Could you retype all of the records exactly, leaving out every picture?

> _TASK DATA_
○ ○ ○ ○
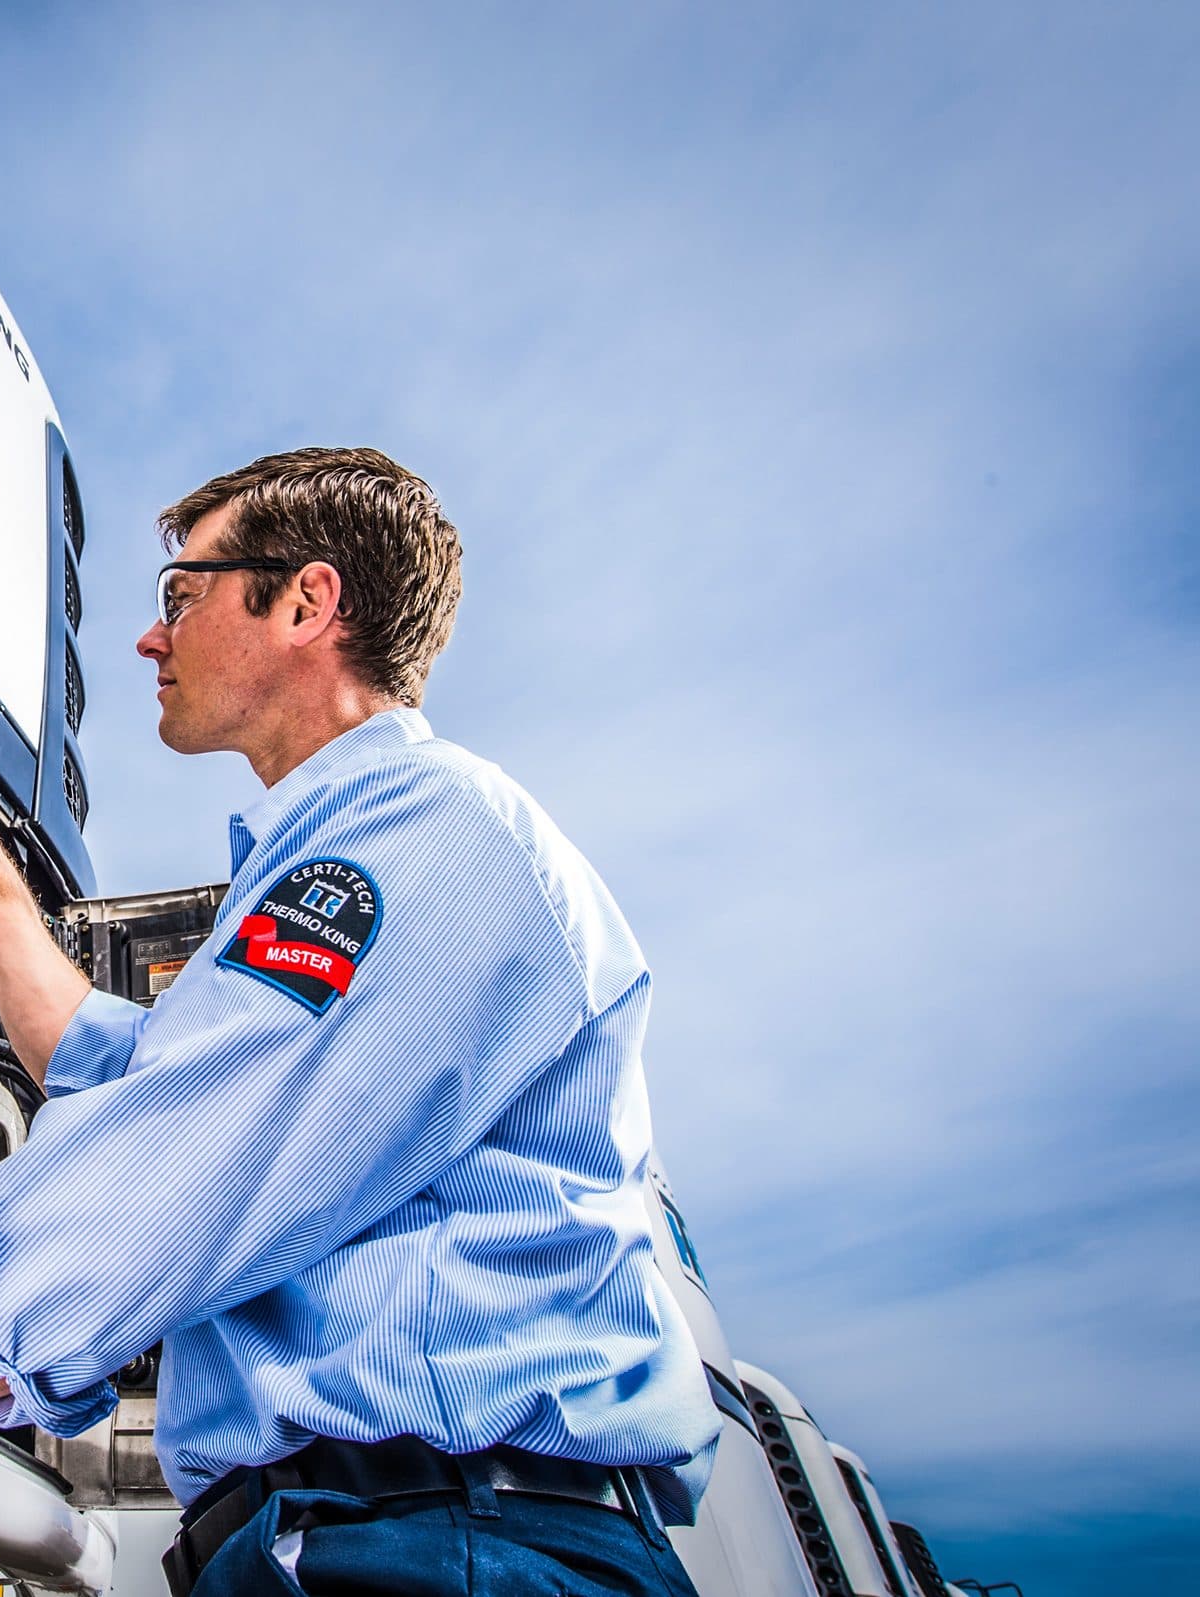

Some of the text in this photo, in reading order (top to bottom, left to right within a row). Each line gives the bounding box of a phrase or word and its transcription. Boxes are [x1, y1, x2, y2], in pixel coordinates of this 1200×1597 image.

[290, 863, 374, 914] CERTI-TECH
[261, 900, 361, 954] THERMO KING
[266, 947, 333, 973] MASTER
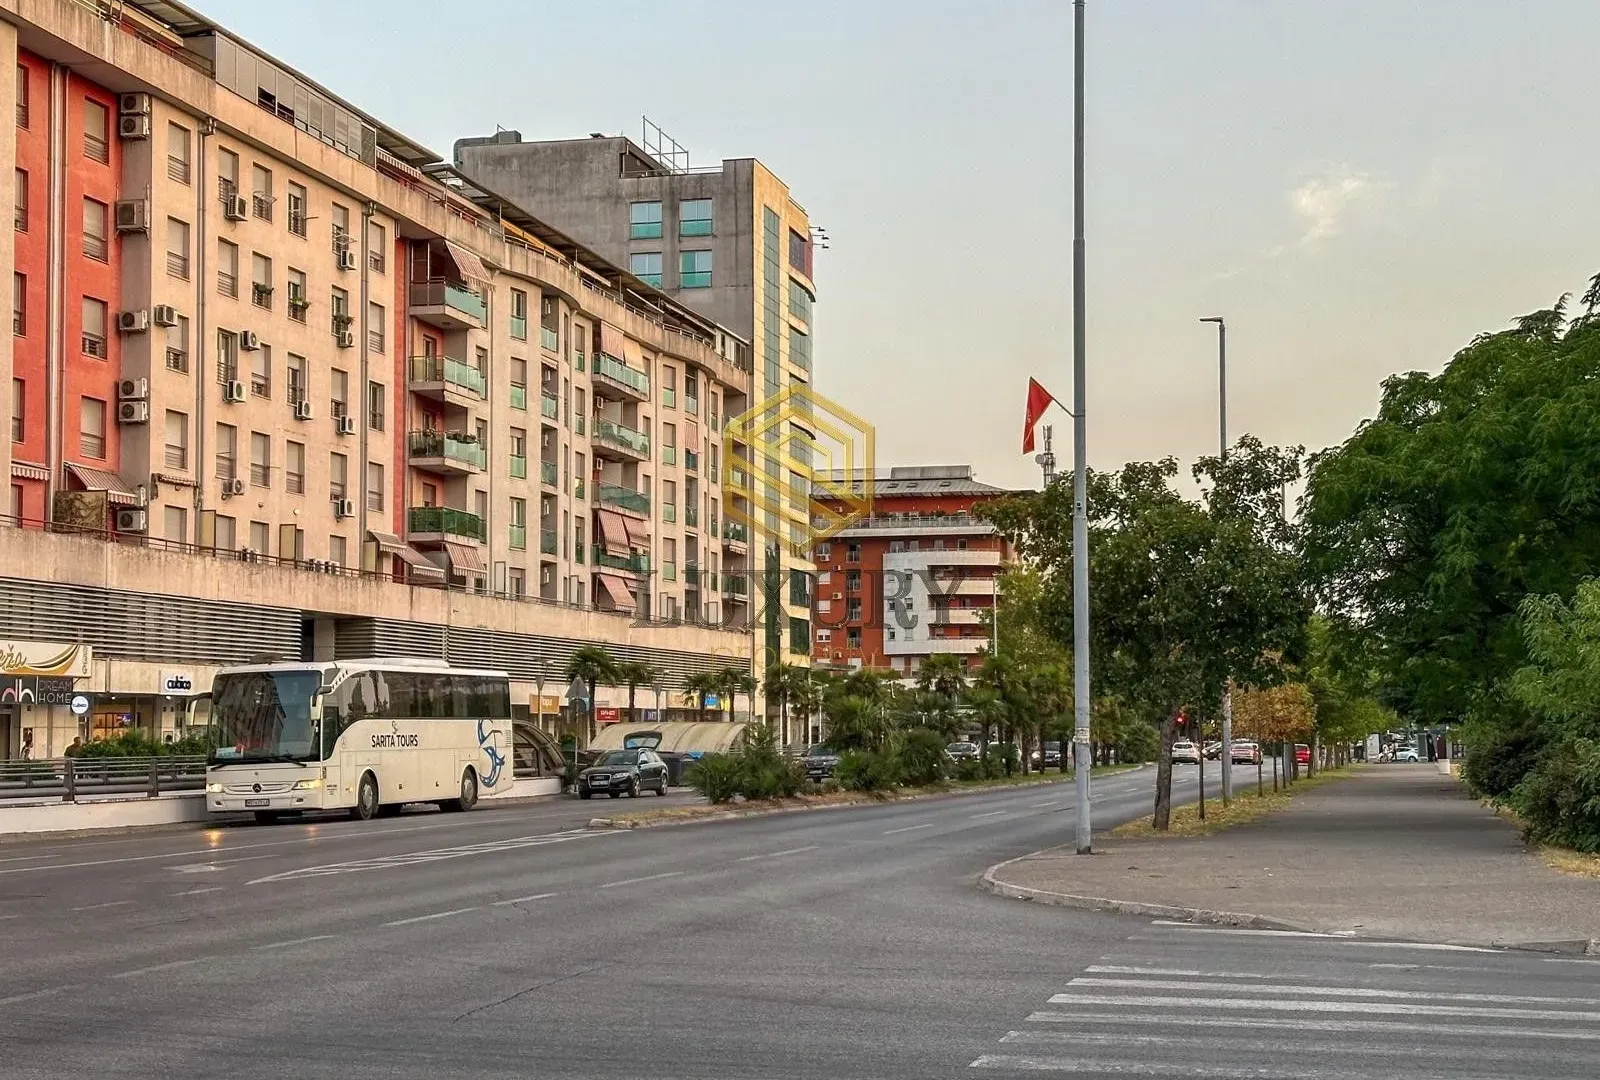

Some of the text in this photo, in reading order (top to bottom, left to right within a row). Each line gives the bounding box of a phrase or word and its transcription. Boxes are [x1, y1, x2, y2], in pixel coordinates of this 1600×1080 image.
○ ○ ○ ○
> _RESPONSE TO THE EXERCISE_
Some of the text in this photo, in reading order (top to bottom, left to right within a row). Each line gives the bounding box of a phrase or word and its transcription. Boxes are [x1, y1, x2, y2], in pixel coordinates of this 1200×1597 image.

[290, 863, 374, 914] CERTI-TECH
[261, 900, 361, 954] THERMO KING
[266, 947, 333, 973] MASTER

Some of the text in this photo, in reading order (top to bottom, left to right within a row). Each line gives the bounding box of a phrase or word and its transcription. Boxes are [x1, y1, x2, y2], in pixel coordinates of this 1600×1080 image.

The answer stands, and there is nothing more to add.